Referring expression grounding data
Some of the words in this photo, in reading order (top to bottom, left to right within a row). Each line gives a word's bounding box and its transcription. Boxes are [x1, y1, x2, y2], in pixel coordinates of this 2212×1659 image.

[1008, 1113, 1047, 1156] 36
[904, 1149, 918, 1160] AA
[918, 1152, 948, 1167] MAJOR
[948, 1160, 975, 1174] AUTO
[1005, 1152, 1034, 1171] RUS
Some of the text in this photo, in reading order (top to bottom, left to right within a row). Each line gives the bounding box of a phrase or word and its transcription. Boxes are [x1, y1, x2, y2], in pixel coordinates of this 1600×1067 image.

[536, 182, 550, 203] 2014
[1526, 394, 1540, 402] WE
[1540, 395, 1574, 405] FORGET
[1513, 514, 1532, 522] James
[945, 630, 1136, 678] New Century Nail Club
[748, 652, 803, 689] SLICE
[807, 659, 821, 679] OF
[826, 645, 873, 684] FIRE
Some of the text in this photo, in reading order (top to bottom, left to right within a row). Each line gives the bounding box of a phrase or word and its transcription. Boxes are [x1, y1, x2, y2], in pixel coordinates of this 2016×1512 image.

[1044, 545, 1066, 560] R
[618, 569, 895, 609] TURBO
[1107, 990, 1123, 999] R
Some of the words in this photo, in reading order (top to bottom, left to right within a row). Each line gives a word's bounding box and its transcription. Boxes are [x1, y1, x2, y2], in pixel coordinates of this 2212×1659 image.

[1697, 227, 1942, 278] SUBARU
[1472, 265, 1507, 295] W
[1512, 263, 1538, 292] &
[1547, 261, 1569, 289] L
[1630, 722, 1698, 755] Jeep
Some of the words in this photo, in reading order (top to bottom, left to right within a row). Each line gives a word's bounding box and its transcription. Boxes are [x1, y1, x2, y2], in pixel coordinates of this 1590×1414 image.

* [Work to complete]:
All the lines above should be written out once more, exactly.

* [Written response]:
Some of the words in this photo, in reading order (top to bottom, left to right within a row). Each line gives a word's bounding box and its transcription. Boxes are [x1, y1, x2, y2], in pixel coordinates of this 2212×1659 image.

[1008, 1113, 1047, 1156] 36
[904, 1149, 918, 1160] AA
[918, 1152, 948, 1167] MAJOR
[948, 1160, 975, 1174] AUTO
[1005, 1152, 1034, 1171] RUS
Some of the text in this photo, in reading order (top to bottom, left to right within a row). Each line gives the bounding box of a phrase or word and its transcription. Boxes are [x1, y1, x2, y2], in pixel coordinates of this 1600×1067 image.

[536, 182, 550, 203] 2014
[1526, 394, 1540, 402] WE
[1540, 395, 1574, 405] FORGET
[1513, 514, 1532, 522] James
[945, 630, 1136, 678] New Century Nail Club
[748, 652, 803, 689] SLICE
[807, 659, 821, 679] OF
[826, 645, 873, 684] FIRE
Some of the text in this photo, in reading order (top to bottom, left to right within a row). Each line gives the bounding box of a phrase or word and its transcription. Boxes are [x1, y1, x2, y2], in pixel coordinates of this 2016×1512 image.

[1044, 545, 1066, 560] R
[618, 569, 895, 609] TURBO
[1107, 990, 1123, 999] R
Some of the words in this photo, in reading order (top to bottom, left to right within a row). Each line gives a word's bounding box and its transcription. Boxes are [x1, y1, x2, y2], in pixel coordinates of this 2212×1659 image.

[1697, 227, 1942, 278] SUBARU
[1472, 265, 1507, 295] W
[1512, 263, 1538, 292] &
[1547, 261, 1569, 289] L
[1630, 722, 1698, 755] Jeep
Some of the words in this photo, in reading order (top to bottom, left to right within a row). Each line gives a word's bounding box and its transcription. Boxes are [x1, y1, x2, y2], in pixel coordinates of this 1590×1414 image.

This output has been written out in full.